Obama May Back FBI Plan to Expand Wiretap Laws - sehugg
http://www.nytimes.com/2013/05/08/us/politics/obama-may-back-fbi-plan-to-wiretap-web-users.html?pagewanted=all

======
moxie
In the 2010 "aurora" attacks, it was Google's "lawful intercept" systems that
were targeted by the attackers. Microsoft just recently revealed that it was
the same in their case
([http://www.cio.com/article/732122/_Aurora_Cyber_Attackers_We...](http://www.cio.com/article/732122/_Aurora_Cyber_Attackers_Were_Really_Running_Counter_Intelligence)).

The original CALEA has had serious ramifications for security world-wide:
telecommunications equipment manufactured for compliance with the US market
gets shipped everywhere, enabling smooth surveillance for countries like Iran
and Egypt.

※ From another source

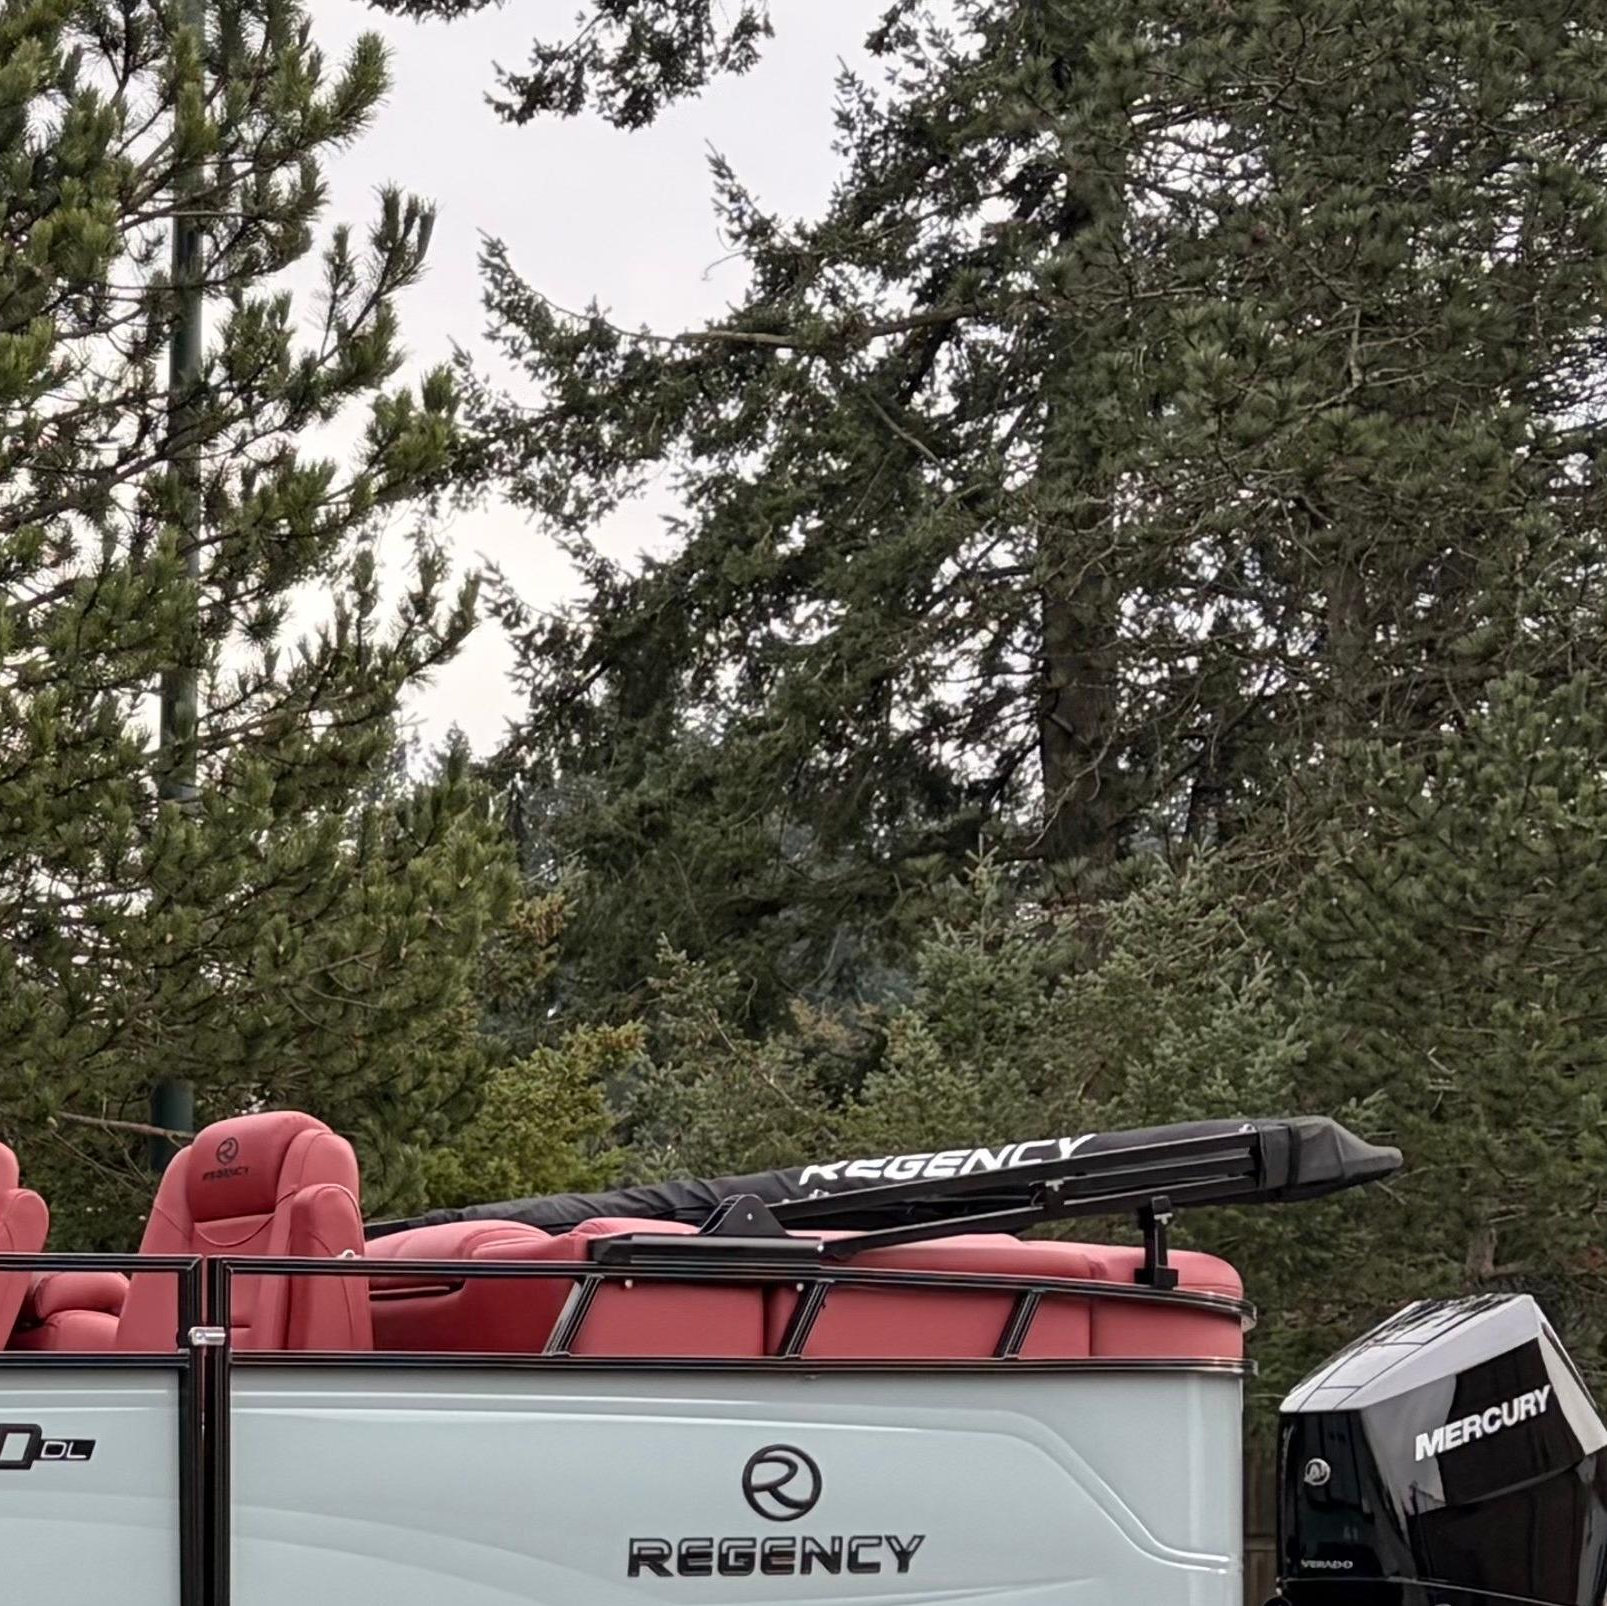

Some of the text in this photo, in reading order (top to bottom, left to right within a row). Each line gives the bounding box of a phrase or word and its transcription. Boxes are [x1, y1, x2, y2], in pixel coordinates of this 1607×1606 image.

[1414, 1384, 1552, 1462] MERCURY
[627, 1534, 926, 1578] REGENCY
[1300, 1558, 1354, 1570] VERADO
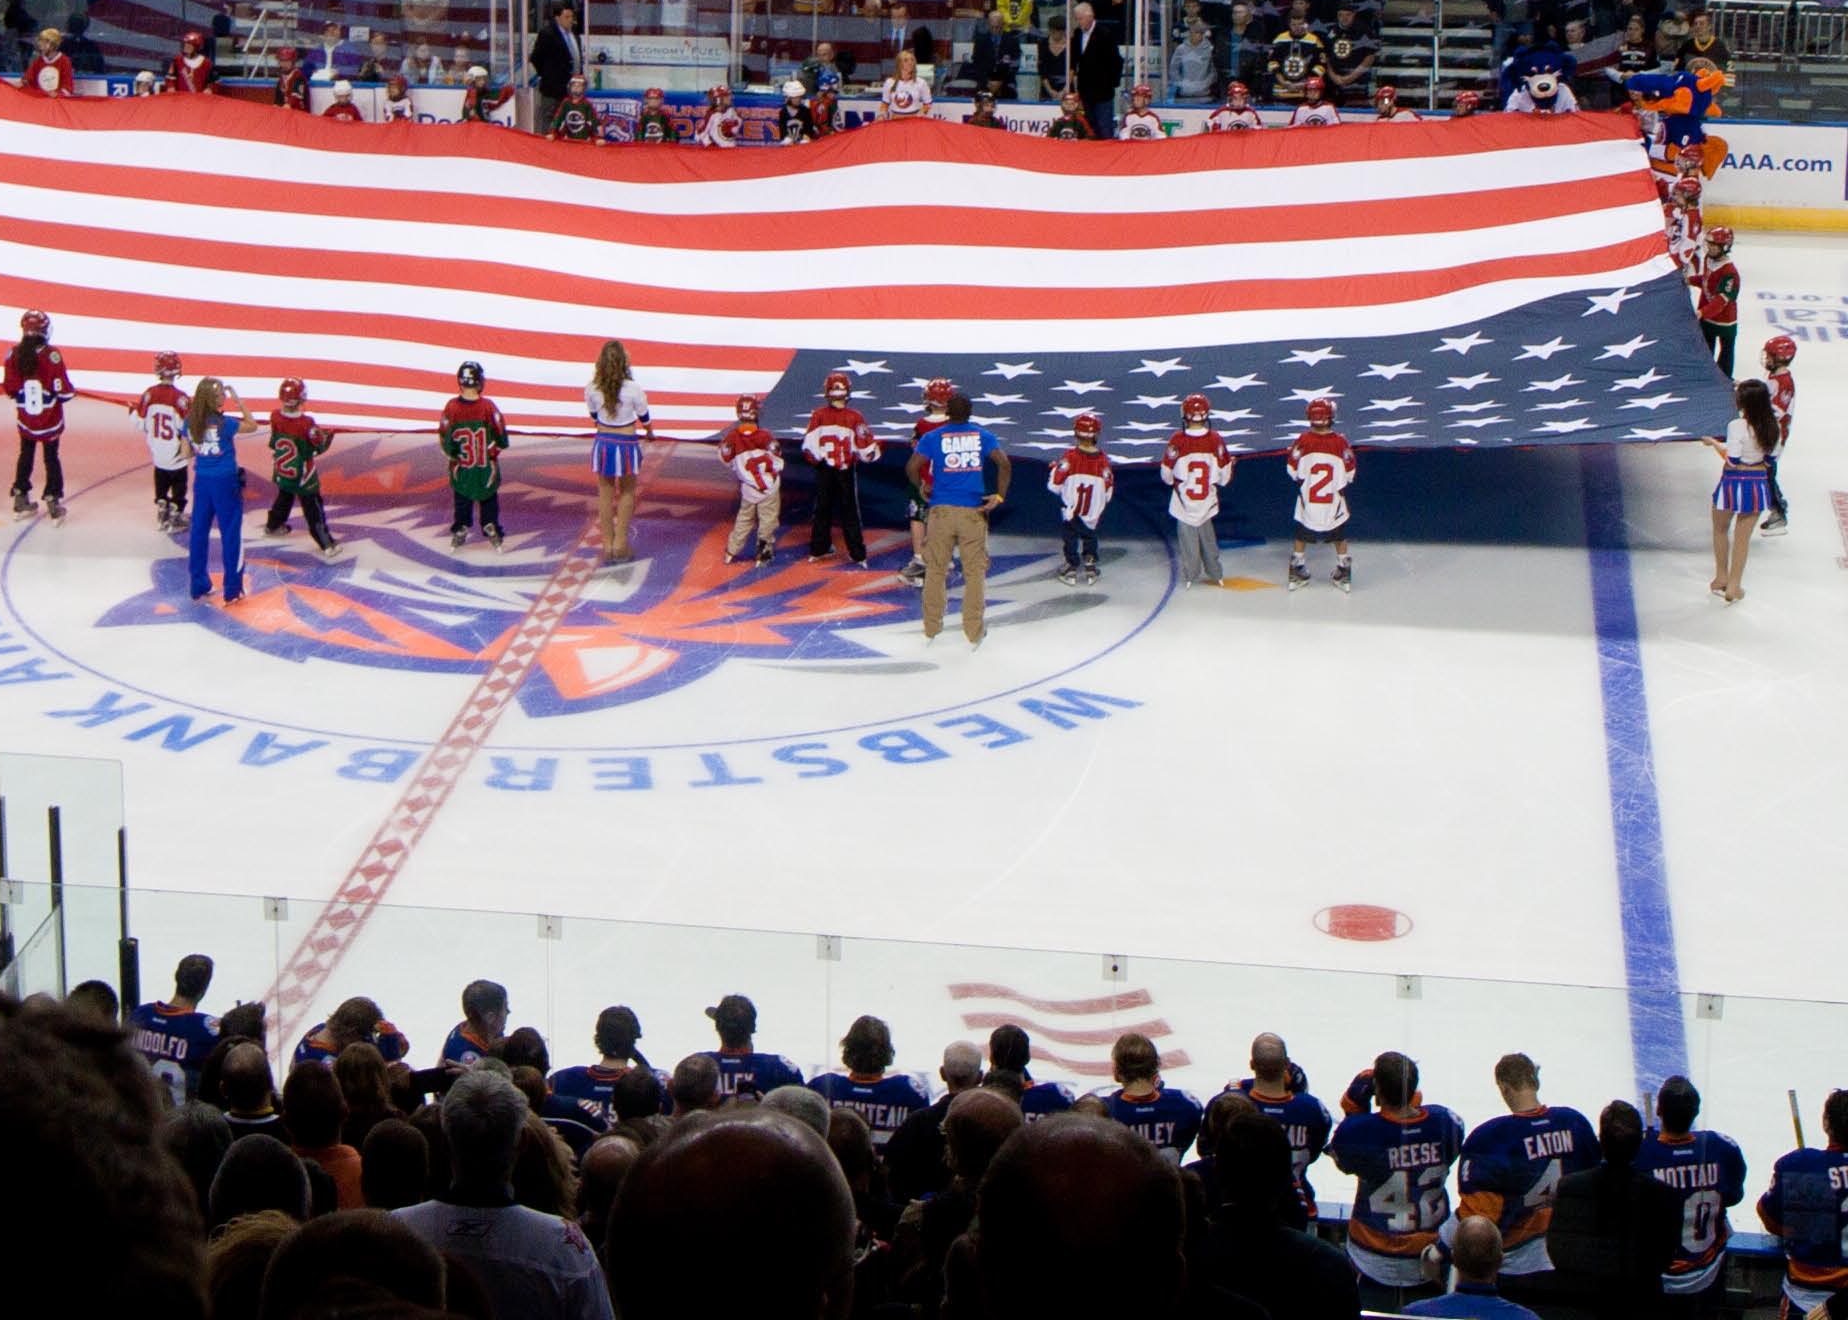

It also becomes a major vulnerability vector, the most public case
being the Greek wiretapping affair
([https://en.wikipedia.org/wiki/Greek_wiretapping_case_2004%E2...](https://en.wikipedia.org/wiki/Greek_wiretapping_case_2004%E2%80%932005)).

It's interesting that the government is floating this with a straight face at
the same time that they're seriously debating a nominal "cyber security" bill.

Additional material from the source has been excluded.